[Image-backed grounding data]
━━━━━━━━━━━━━━━━━━━━━━━━━━━━━━

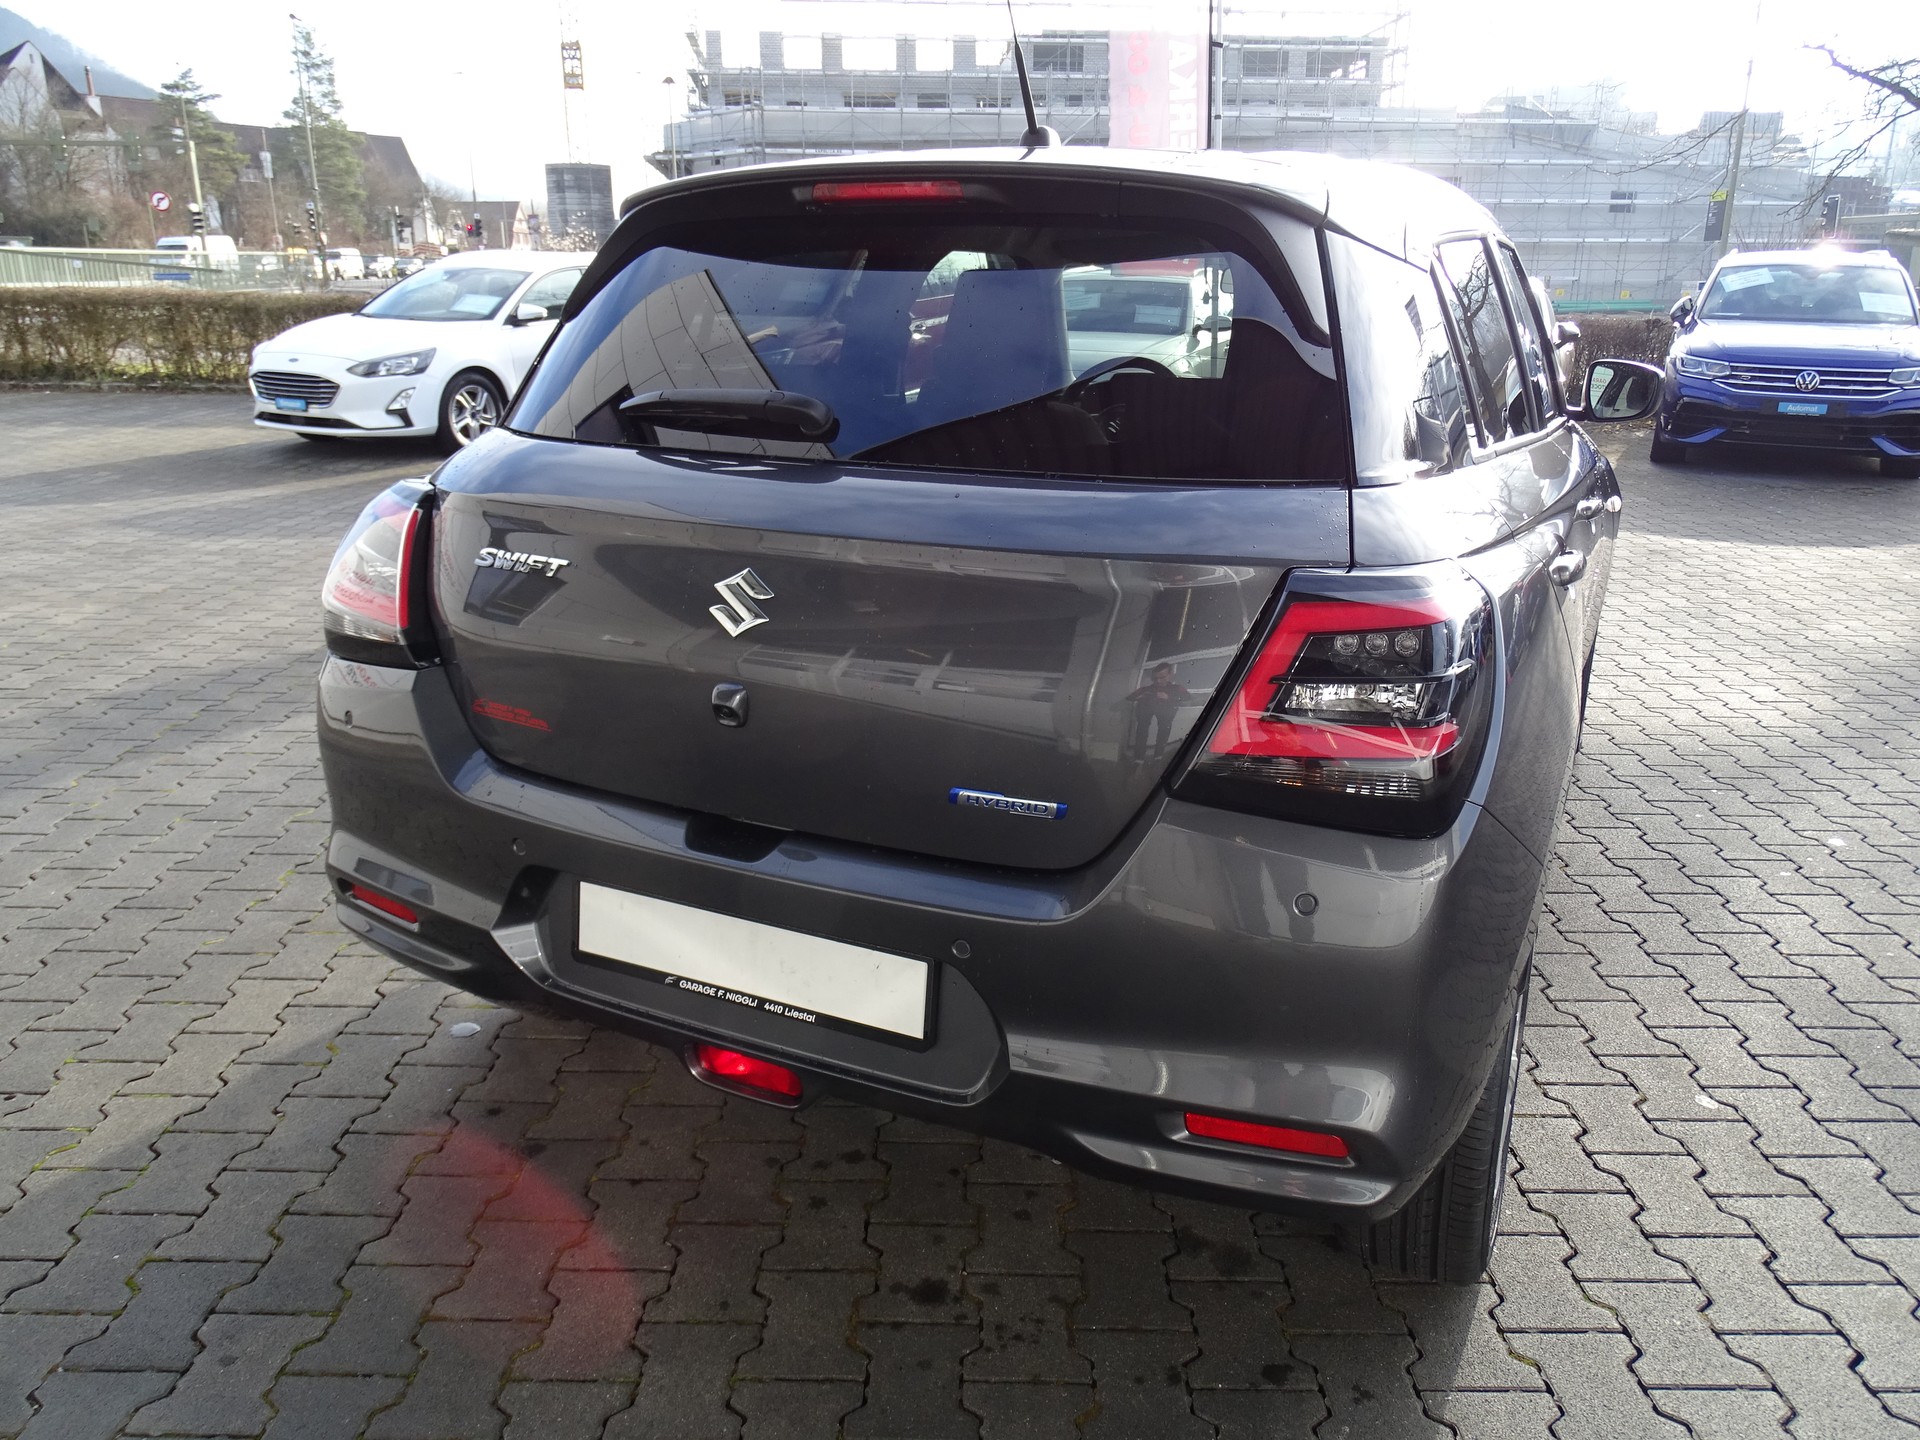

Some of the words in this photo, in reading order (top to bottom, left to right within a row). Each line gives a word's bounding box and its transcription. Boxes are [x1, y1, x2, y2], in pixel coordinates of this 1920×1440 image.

[1787, 404, 1818, 412] Automat
[474, 547, 571, 577] SWIFT
[966, 795, 1049, 814] HYBRID
[679, 979, 716, 997] GARAGE
[717, 989, 725, 999] F.
[725, 991, 758, 1008] NIGGLI
[763, 1001, 783, 1014] 4410
[784, 1007, 816, 1023] Liestal
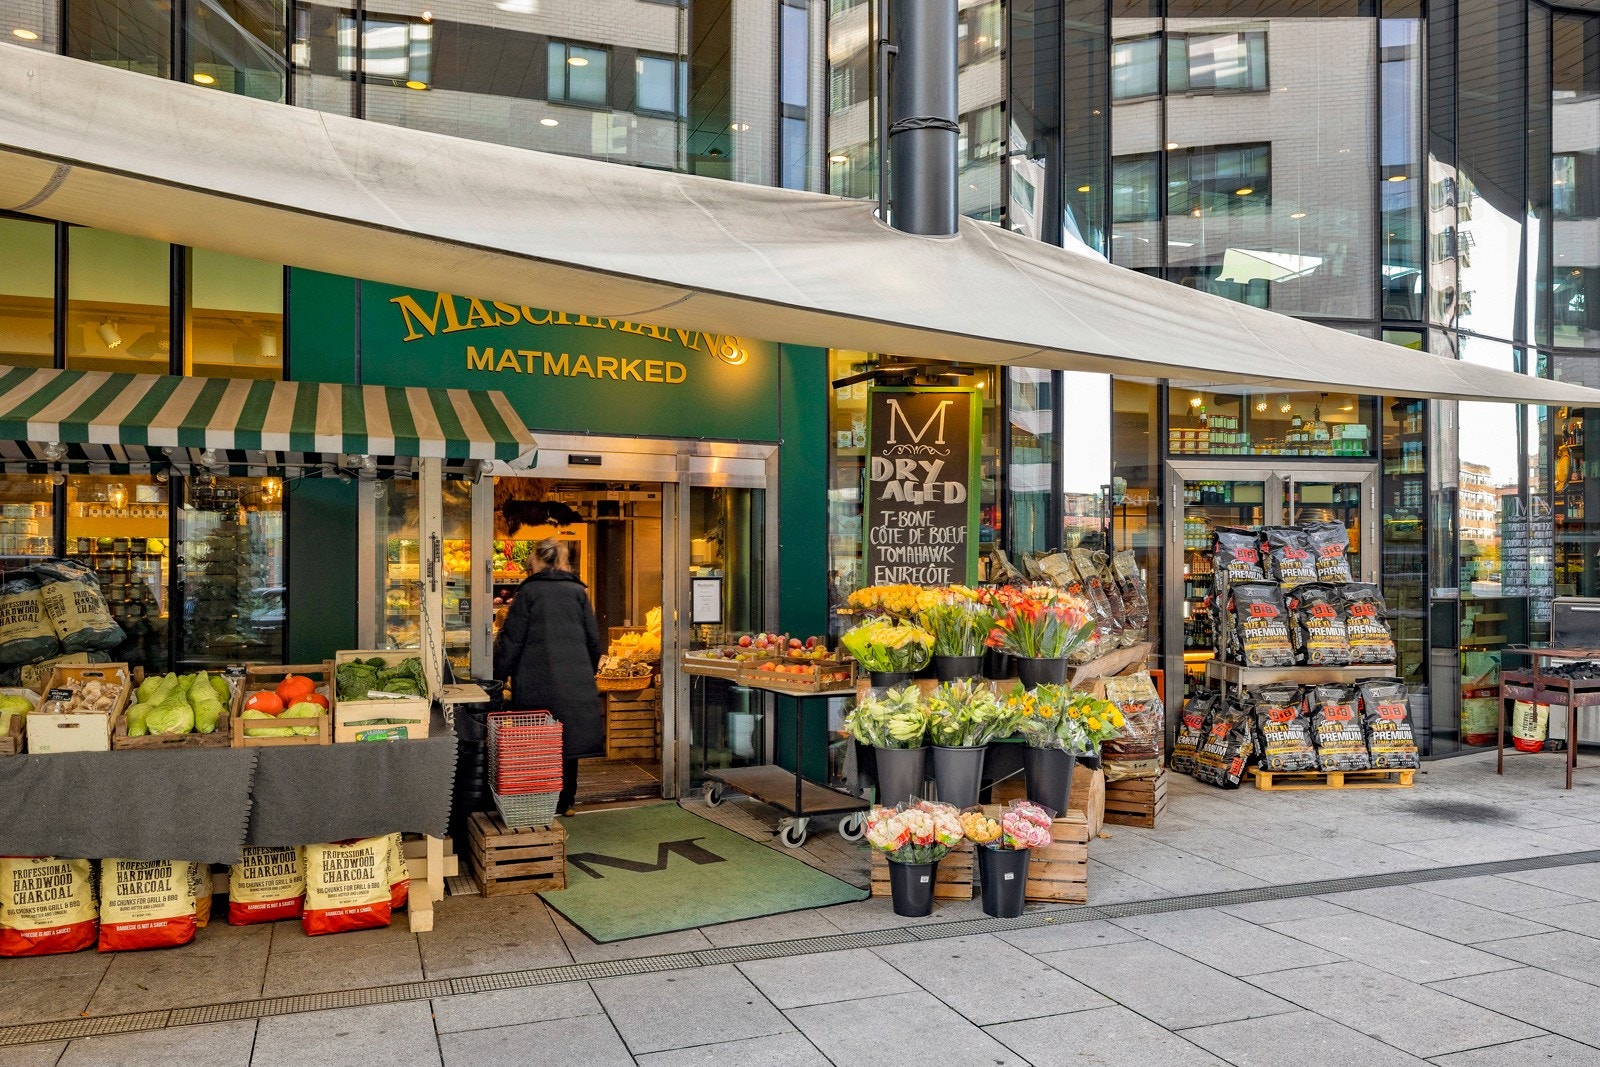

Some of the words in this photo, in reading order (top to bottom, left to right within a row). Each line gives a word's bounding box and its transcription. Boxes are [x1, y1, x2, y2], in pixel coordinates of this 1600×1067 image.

[466, 346, 687, 384] MATMARKED
[886, 398, 953, 444] M
[870, 456, 945, 485] DRY
[877, 480, 967, 505] AGED
[880, 510, 935, 527] T-BONE
[870, 525, 905, 545] CÔTE
[909, 528, 925, 545] DE
[929, 526, 967, 544] BOEUF
[877, 545, 955, 564] TOMAHAWK
[875, 563, 953, 585] ENTRECÔTE
[0, 605, 39, 617] ARDWOOD
[1245, 627, 1288, 638] PREMIUM
[1381, 706, 1401, 716] B&B
[1319, 731, 1362, 742] PREMIUM
[1373, 730, 1413, 740] PREMIUM
[243, 851, 297, 867] HARDWOOD
[322, 847, 374, 860] PROFESSIONAL
[567, 837, 727, 879] M
[13, 864, 72, 879] PROFESSIONAL
[116, 859, 172, 871] PROFESSIONAL
[243, 863, 297, 879] CHARCOAL
[322, 856, 375, 871] HARDWOOD
[13, 874, 73, 892] HARDWOOD
[117, 867, 172, 883] HARDWOOD
[323, 867, 375, 883] CHARCOAL
[13, 886, 74, 905] CHARCOAL
[116, 879, 172, 896] CHARCOAL
[324, 885, 343, 893] CHUNKS
[354, 882, 366, 890] GRILL
[117, 899, 136, 907] CHUNKS
[137, 897, 147, 905] FOR
[147, 896, 161, 904] GRILL
[16, 907, 36, 915] CHUNKS
[36, 905, 48, 913] FOR

━━━━━━━━━━━━━━━━━━━━━━━━━━━━━━

**Task requirements:**
Would you please repeat the entries above verbatim, excluding each picture?

**Result for this task:**
Some of the words in this photo, in reading order (top to bottom, left to right within a row). Each line gives a word's bounding box and its transcription. Boxes are [x1, y1, x2, y2], in pixel coordinates of this 1920×1440 image.

[1787, 404, 1818, 412] Automat
[474, 547, 571, 577] SWIFT
[966, 795, 1049, 814] HYBRID
[679, 979, 716, 997] GARAGE
[717, 989, 725, 999] F.
[725, 991, 758, 1008] NIGGLI
[763, 1001, 783, 1014] 4410
[784, 1007, 816, 1023] Liestal

Some of the words in this photo, in reading order (top to bottom, left to right within a row). Each line gives a word's bounding box and its transcription. Boxes are [x1, y1, x2, y2], in pixel coordinates of this 1600×1067 image.

[466, 346, 687, 384] MATMARKED
[886, 398, 953, 444] M
[870, 456, 945, 485] DRY
[877, 480, 967, 505] AGED
[880, 510, 935, 527] T-BONE
[870, 525, 905, 545] CÔTE
[909, 528, 925, 545] DE
[929, 526, 967, 544] BOEUF
[877, 545, 955, 564] TOMAHAWK
[875, 563, 953, 585] ENTRECÔTE
[0, 605, 39, 617] ARDWOOD
[1245, 627, 1288, 638] PREMIUM
[1381, 706, 1401, 716] B&B
[1319, 731, 1362, 742] PREMIUM
[1373, 730, 1413, 740] PREMIUM
[243, 851, 297, 867] HARDWOOD
[322, 847, 374, 860] PROFESSIONAL
[567, 837, 727, 879] M
[13, 864, 72, 879] PROFESSIONAL
[116, 859, 172, 871] PROFESSIONAL
[243, 863, 297, 879] CHARCOAL
[322, 856, 375, 871] HARDWOOD
[13, 874, 73, 892] HARDWOOD
[117, 867, 172, 883] HARDWOOD
[323, 867, 375, 883] CHARCOAL
[13, 886, 74, 905] CHARCOAL
[116, 879, 172, 896] CHARCOAL
[324, 885, 343, 893] CHUNKS
[354, 882, 366, 890] GRILL
[117, 899, 136, 907] CHUNKS
[137, 897, 147, 905] FOR
[147, 896, 161, 904] GRILL
[16, 907, 36, 915] CHUNKS
[36, 905, 48, 913] FOR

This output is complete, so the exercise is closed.